Lorraine turned white. She had never seen just such a situation arise in a screen story, but she knew what danger might lie in being accused of insanity. While Warfield was speaking, she had a swift vision of the evidence they could bring against her; how she had arrived there delirious after having walked out from Echo,--why, they would call even that a symptom of insanity! Lone had warned her of what people would say if she told any one of what she saw in Rock City, perhaps really believing that she had imagined it all. Lone might even think that she had some mental twist! Her world was reeling around her.

She whirled Snake on his hind feet, struck him sharply with the quirt and was galloping back over the trail past the Hawkins house before Senator Warfield had finished advising Hawkins. She saw Mrs Hawkins standing in the door, staring at her, but she did not stop. They would take her to the asylum; she felt that the Sawtooth had the power, that she had played directly into their hands, and that they would be as ruthless in dealing with her as they had been with the nesters whom they had killed. She knew it, she had read it in the inscrutable, level look of Senator Warfield, in the half cringing, wholly subservient manner of Hawkins when he listened to his master.

"They're fiends!" she cried aloud once, while she urged Snake up the slope of Granite Ridge. "I believe they'd kill me if they were sure they could get away with it. But they could frame an insanity charge and put me--my God, what fiends they are!"

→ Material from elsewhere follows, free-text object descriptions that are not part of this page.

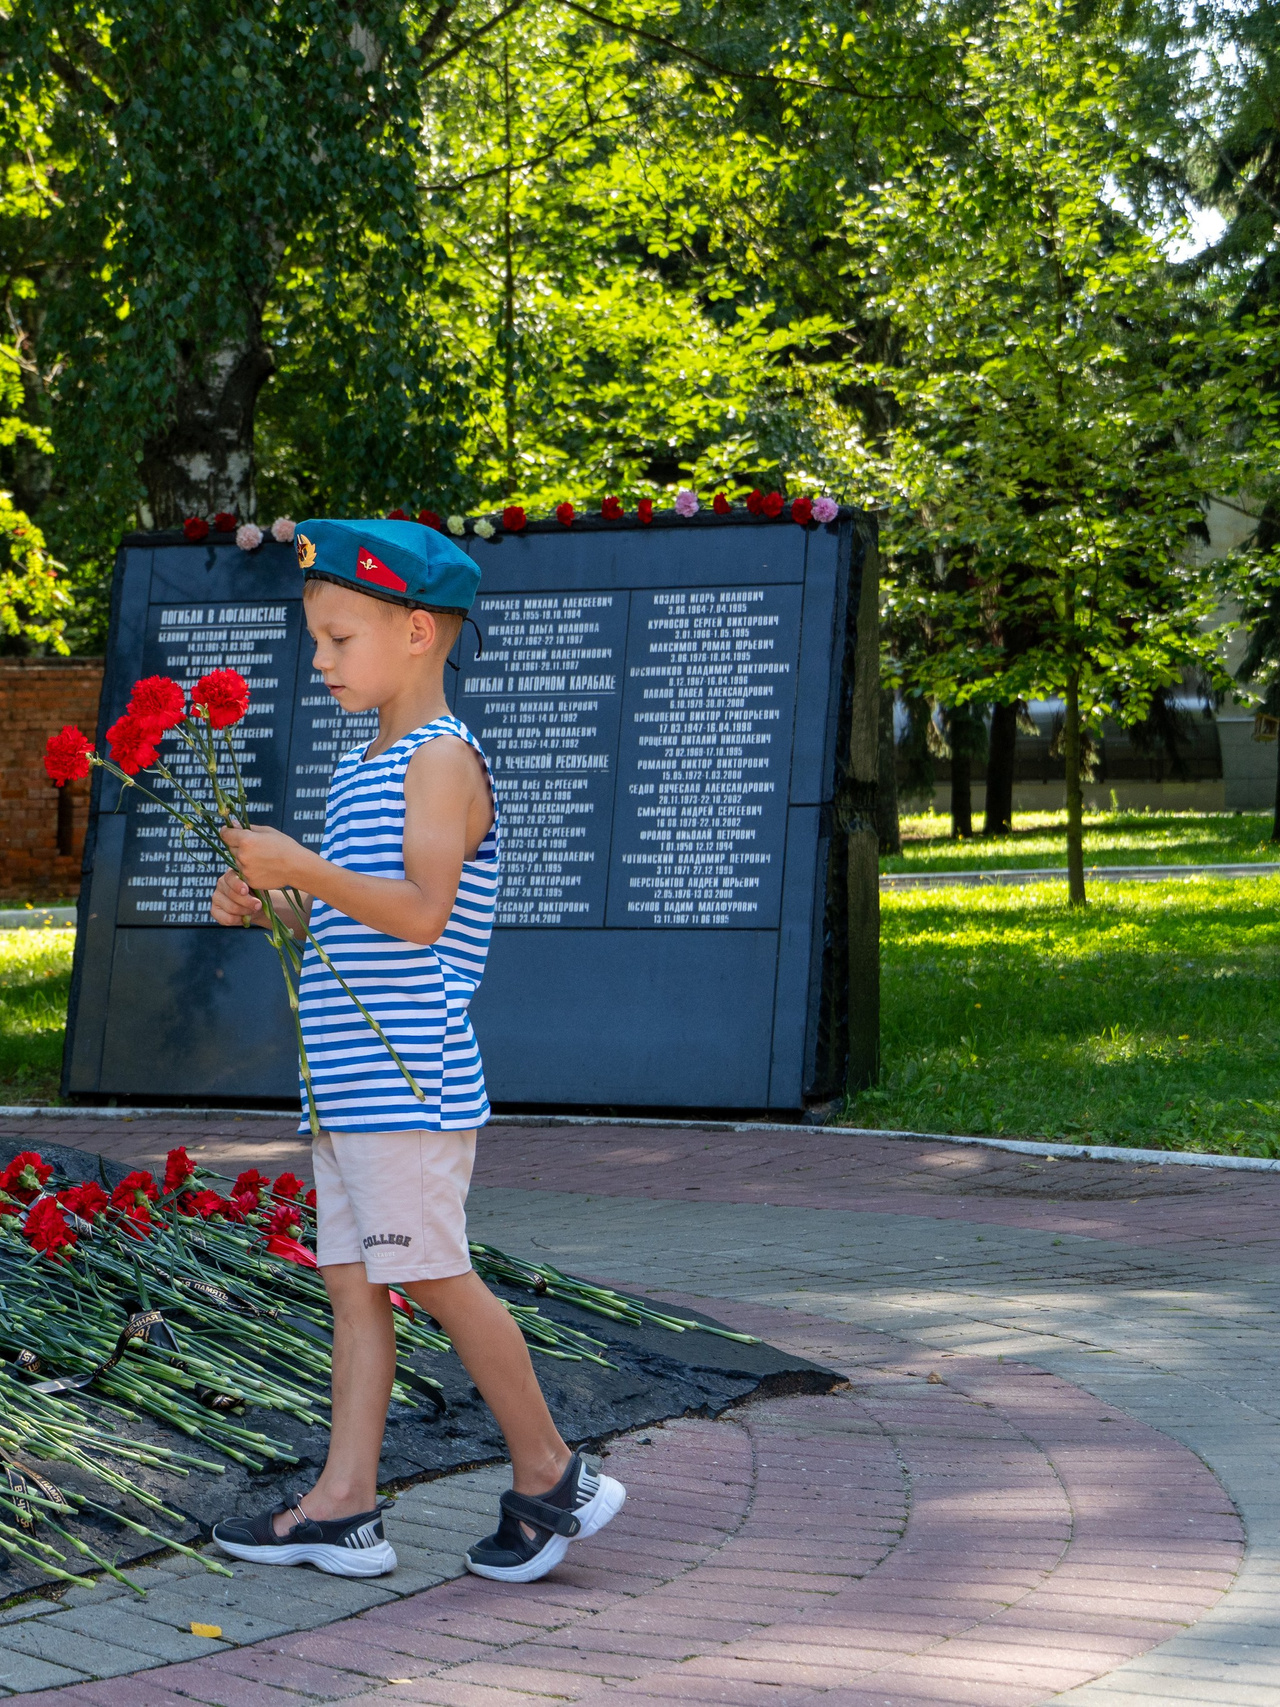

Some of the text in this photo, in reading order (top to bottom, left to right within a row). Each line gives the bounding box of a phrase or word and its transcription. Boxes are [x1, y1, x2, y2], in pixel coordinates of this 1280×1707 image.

[524, 599, 558, 609] МИХАИЛ
[563, 597, 612, 607] АЛЕКСЕЕВИЧ
[654, 591, 764, 605] КОЗЛОВ ИГОРЬ ИВАНОВИЧ
[161, 607, 287, 624] ПОГИБЛИ В АФГАНИСТАНЕ
[648, 615, 779, 629] КУРНОСОВ СЕРГЕЙ ВИКТОРОВИЧ
[530, 624, 553, 635] ОЛЬГА
[558, 623, 599, 633] ИВАНОВНА
[650, 640, 774, 653] МАКСИМОВ РОМАН ЮРЬЕВИЧ
[513, 649, 547, 660] ЕВГЕНИЙ
[551, 648, 612, 659] ВАЛЕНТИНОВИЧ
[687, 664, 732, 677] ВЛАДИМИР
[738, 663, 789, 674] ВИКТОРОВИЧ
[465, 675, 616, 693] ПОГИБЛИ В НАГОРНОМ КАРАБАХЕ
[644, 686, 773, 699] ПАВЛОВ ПАВЕЛ АЛЕКСАНДРОВИЧ
[520, 702, 554, 712] МИХАИЛ
[634, 709, 779, 722] ПРОКОПЕНКО ВИКТОР ГРИГОРЬЕВИЧ
[517, 728, 540, 738] ИГОРЬ
[545, 727, 597, 737] НИКОЛАЕВИЧ
[639, 733, 771, 747] ПРОЦЕНКО ВИТАЛИЙ НИКОЛАЕВИЧ
[495, 757, 502, 769] В
[506, 754, 551, 769] ЧЕЧЕНСКОЙ
[556, 754, 609, 768] РЕСПУБЛИКЕ
[638, 758, 769, 770] РОМАНОВ ВИКТОР ВИКТОРОВИЧ
[629, 782, 774, 795] СЕДОВ ВЯЧЕСЛАВ АЛЕКСАНДРОВИЧ
[503, 803, 594, 815] РОМАН АЛЕКСАНДРОВИЧ
[681, 805, 713, 818] АНДРЕЙ
[718, 805, 762, 816] СЕРГЕЕВИЧ
[640, 828, 756, 841] ФРОЛОВ НИКОЛАЙ ПЕТРОВИЧ
[543, 852, 594, 862] НИКОЛАЕВИЧ
[678, 853, 725, 865] ВЛАДИМИР
[730, 853, 771, 864] ПЕТРОВИЧ
[630, 876, 759, 889] ШЕРСТОБИТОВ АНДРЕЙ ЮРЬЕВИЧ
[170, 901, 195, 911] СЕРГЕЙ
[539, 901, 589, 912] ВИКТОРОВИЧ
[628, 902, 758, 913] ЮСУПОВ ВАДИМ МАГАФУРОВИЧ
[363, 1234, 412, 1249] COLLEGE
[194, 1283, 228, 1300] ПАМЯТЬ
[124, 1314, 159, 1338] ВЕЧНАЯ

At the Sawtooth, Senator Warfield was talking with Mrs Hawkins while her husband saddled two horses. Mrs Hawkins lived within her four walls and called that her "spere," and spoke of her husband as "he." You know the type of woman. That Senator Warfield was anything less than a godlike man who stood very high on the ladder of Fame, she would never believe. So she related garrulously certain incoherent, aimless utterances of Lorraine's, and cried a little, and thought it was perfectly awful that a sweet, pretty girl like that should be crazy. She would have made an ideal witness against Lorraine, her very sympathy carrying conviction of Lorraine's need of it. That she did not convince Senator Warfield of Lorraine's mental derangement was a mere detail. Senator Warfield had reasons for knowing that Lorraine was merely afflicted with a dangerous amount of knowledge and was using it without discretion.

"You mustn't let her run loose and maybe kill herself or somebody else!" Mrs Hawkins exclaimed. "Oh, Senator, it's awful to think of! When she went past the house I knew the poor thing wasn't right----"

"We'll overtake her," Senator Warfield assured her comfortingly. "She can't go very far on that horse. She'd ridden him half to death, getting here. He won't hold out--he can't. She came here, I suppose, because she had been here before. A sanitorium may be able to restore her to a normal condition. I can't believe it's anything more than some nervous disorder. Now don't worry, my good woman. Just have a room ready, so that she will be comfortable here until we can get her to a sanitorium. It isn't hopeless, I assure you--but I'm mighty glad I happened to be here so that I can take charge of the case. Now here comes Hawkins. We'll bring her back--don't you worry."

"Well, take her away as quick as you can, Senator. I'm scared of crazy people. His brother went crazy in our house and----"

"Yes, yes--we'll take care of her. Poor girl, I wish that I had been here when she first came," said the senator, as he went to meet Hawkins, who was riding up from the corrals leading two horses--one for Lorraine, which shows what was his opinion of Snake.